Confession Tuesday: The Respect Our Girls Edition






Dear Reader,



I confess I'm not thinking about writing or creativity today, but the mixed messages we send our girls.



Here's something I don't write about much because I like to keep my family life separate from from writing life, but I'm the mother of an incredible daughter who constantly amazes me in all she does.



Recently, she's been having a lot of questions about being a girl, a middle-school girl, which honestly, maybe be one of the hardest times in a girl's life because they're at that "mid" point--not women, but not children either.



So I've been thinking a lot about the mixed messages our societies gives girls--of all ages, we so want them to grow up into smart, kind, strong women, but right now, as kids, we're kind of messing with their heads.



We tell them to love themselves for who they are, while grown women complain about their thighs, wrinkles, tummy fat, or gray hairs.  Some women go out and get plastic surgery, botox. Some women diet constantly, skip dessert.



Then Dove comes out with a huge campaign about loving ourselves and our natural beauty, while selling us anti-aging cream on the side.



We tell our girls "don't dress sexy," then sell them padded bras and padded bikinis.



We say "it's important to be smart," then make a snide comment about another woman while browsing a tabloid magazine in the checkout line.



We tell them "be empowered and be yourself," but if "yourself" includes something that doesn't fit our definition of beauty, sometimes we freak out a bit.

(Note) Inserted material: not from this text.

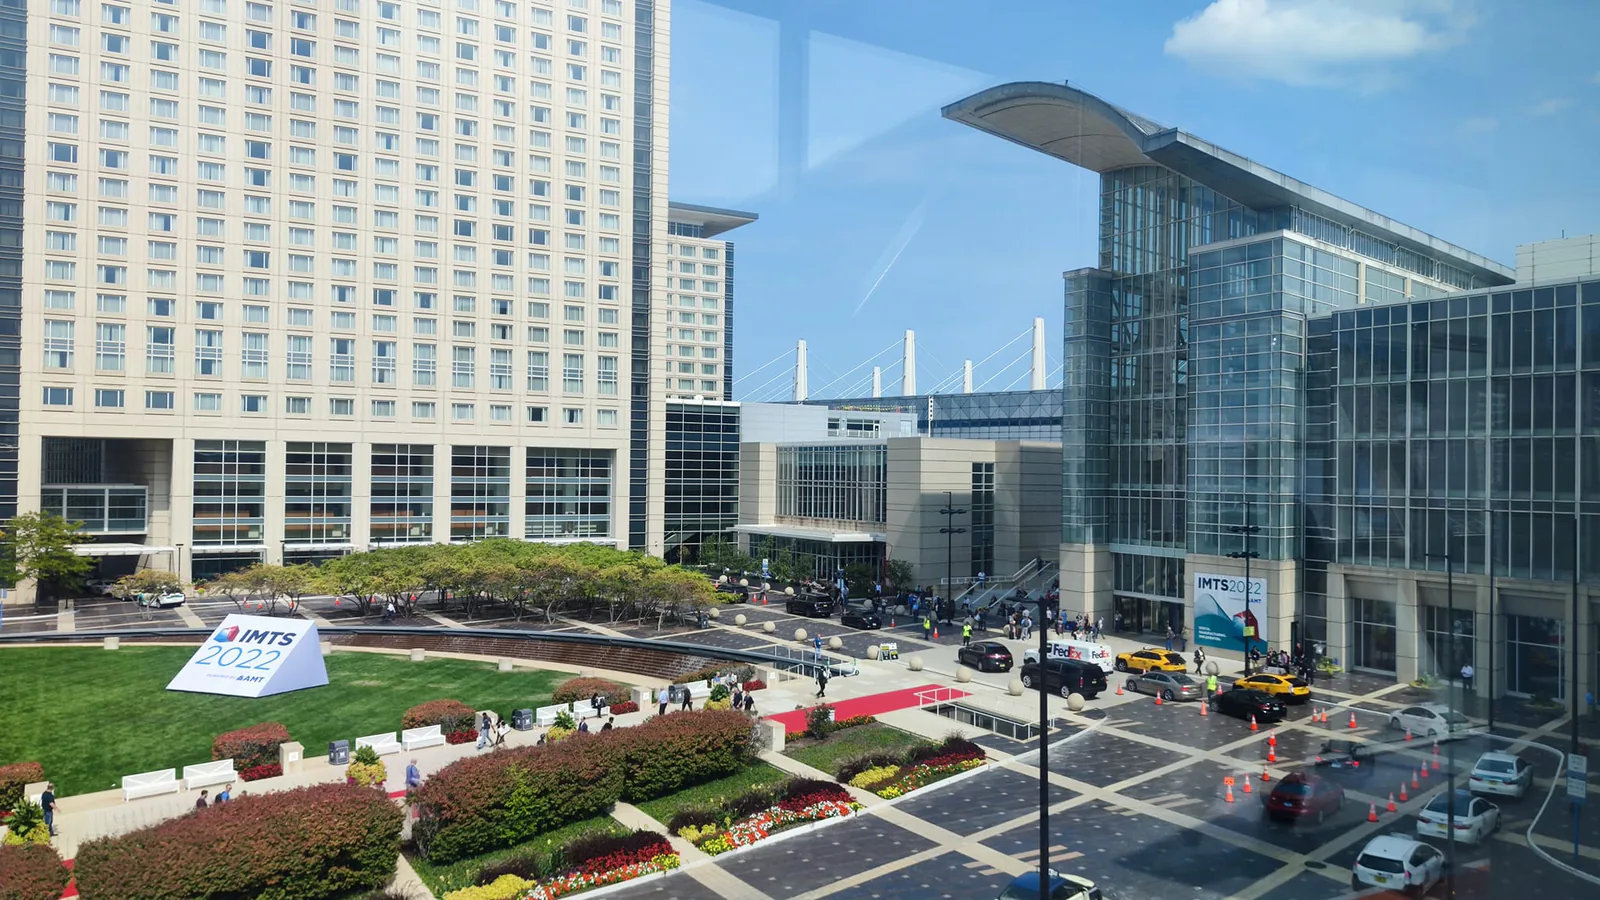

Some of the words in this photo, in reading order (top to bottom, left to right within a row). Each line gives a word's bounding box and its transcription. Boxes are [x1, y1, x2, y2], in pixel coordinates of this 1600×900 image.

[239, 629, 296, 646] IMTS
[195, 645, 280, 670] 2022
[1053, 644, 1082, 659] FedEx
[1092, 650, 1109, 659] FedEx

We tell the girls not to "dress provocatively," instead of telling boys not to rape.



We tell them not to be bossy, then tell them to stick up for themselves & be assertive (though we rarely tell the boys not to be bossy).



We say "it doesn't matter what other people think," then live a lifestyle above our means to fit in or impress people ourselves.



We make dress codes for the girls so they don't "distract" the boys, instead of teaching boys that you respect a girl whether she's in a scoop neck t-shirt & short skirt or a button-up polo shirt & long pants.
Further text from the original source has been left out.